§ **WORK TASK**: Find where "this 2212×1661 image." appears in the records below, then return that line and every later line exactly, stopping only at the last line.

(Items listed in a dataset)
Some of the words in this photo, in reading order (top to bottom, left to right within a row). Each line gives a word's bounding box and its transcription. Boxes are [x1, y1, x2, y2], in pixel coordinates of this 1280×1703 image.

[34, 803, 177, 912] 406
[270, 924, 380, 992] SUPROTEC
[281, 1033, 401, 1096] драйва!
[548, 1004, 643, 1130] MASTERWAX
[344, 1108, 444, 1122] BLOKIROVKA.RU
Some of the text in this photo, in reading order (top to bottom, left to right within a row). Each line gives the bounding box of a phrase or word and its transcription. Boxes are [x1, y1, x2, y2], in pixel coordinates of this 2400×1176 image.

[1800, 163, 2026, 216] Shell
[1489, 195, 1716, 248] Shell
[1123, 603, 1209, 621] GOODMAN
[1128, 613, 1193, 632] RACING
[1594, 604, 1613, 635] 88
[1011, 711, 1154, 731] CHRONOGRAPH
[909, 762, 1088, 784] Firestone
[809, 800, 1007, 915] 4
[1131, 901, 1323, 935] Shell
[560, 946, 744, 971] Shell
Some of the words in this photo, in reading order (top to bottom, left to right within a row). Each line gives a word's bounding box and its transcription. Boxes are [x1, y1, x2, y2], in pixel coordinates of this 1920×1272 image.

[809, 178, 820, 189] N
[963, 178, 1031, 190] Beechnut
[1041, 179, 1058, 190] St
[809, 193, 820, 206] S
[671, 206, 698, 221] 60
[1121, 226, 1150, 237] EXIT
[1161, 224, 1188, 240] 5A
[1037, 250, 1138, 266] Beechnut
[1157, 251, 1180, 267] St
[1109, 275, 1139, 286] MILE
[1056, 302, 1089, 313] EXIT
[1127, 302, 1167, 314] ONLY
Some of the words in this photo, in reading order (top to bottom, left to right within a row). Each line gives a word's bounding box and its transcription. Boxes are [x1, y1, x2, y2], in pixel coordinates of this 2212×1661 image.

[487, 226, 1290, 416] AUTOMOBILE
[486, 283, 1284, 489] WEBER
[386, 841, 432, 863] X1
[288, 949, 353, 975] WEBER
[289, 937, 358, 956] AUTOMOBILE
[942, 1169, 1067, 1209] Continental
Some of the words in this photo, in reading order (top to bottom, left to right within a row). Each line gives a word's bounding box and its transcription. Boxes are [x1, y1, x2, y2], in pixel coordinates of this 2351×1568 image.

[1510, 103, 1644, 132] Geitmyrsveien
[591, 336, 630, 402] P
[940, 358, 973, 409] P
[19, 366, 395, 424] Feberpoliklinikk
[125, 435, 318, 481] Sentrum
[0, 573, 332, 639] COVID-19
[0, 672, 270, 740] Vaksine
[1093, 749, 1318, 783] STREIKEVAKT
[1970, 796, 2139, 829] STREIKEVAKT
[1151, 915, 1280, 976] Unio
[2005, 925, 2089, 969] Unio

§ **ANSWER SPACE**:
Some of the words in this photo, in reading order (top to bottom, left to right within a row). Each line gives a word's bounding box and its transcription. Boxes are [x1, y1, x2, y2], in pixel coordinates of this 2212×1661 image.

[487, 226, 1290, 416] AUTOMOBILE
[486, 283, 1284, 489] WEBER
[386, 841, 432, 863] X1
[288, 949, 353, 975] WEBER
[289, 937, 358, 956] AUTOMOBILE
[942, 1169, 1067, 1209] Continental
Some of the words in this photo, in reading order (top to bottom, left to right within a row). Each line gives a word's bounding box and its transcription. Boxes are [x1, y1, x2, y2], in pixel coordinates of this 2351×1568 image.

[1510, 103, 1644, 132] Geitmyrsveien
[591, 336, 630, 402] P
[940, 358, 973, 409] P
[19, 366, 395, 424] Feberpoliklinikk
[125, 435, 318, 481] Sentrum
[0, 573, 332, 639] COVID-19
[0, 672, 270, 740] Vaksine
[1093, 749, 1318, 783] STREIKEVAKT
[1970, 796, 2139, 829] STREIKEVAKT
[1151, 915, 1280, 976] Unio
[2005, 925, 2089, 969] Unio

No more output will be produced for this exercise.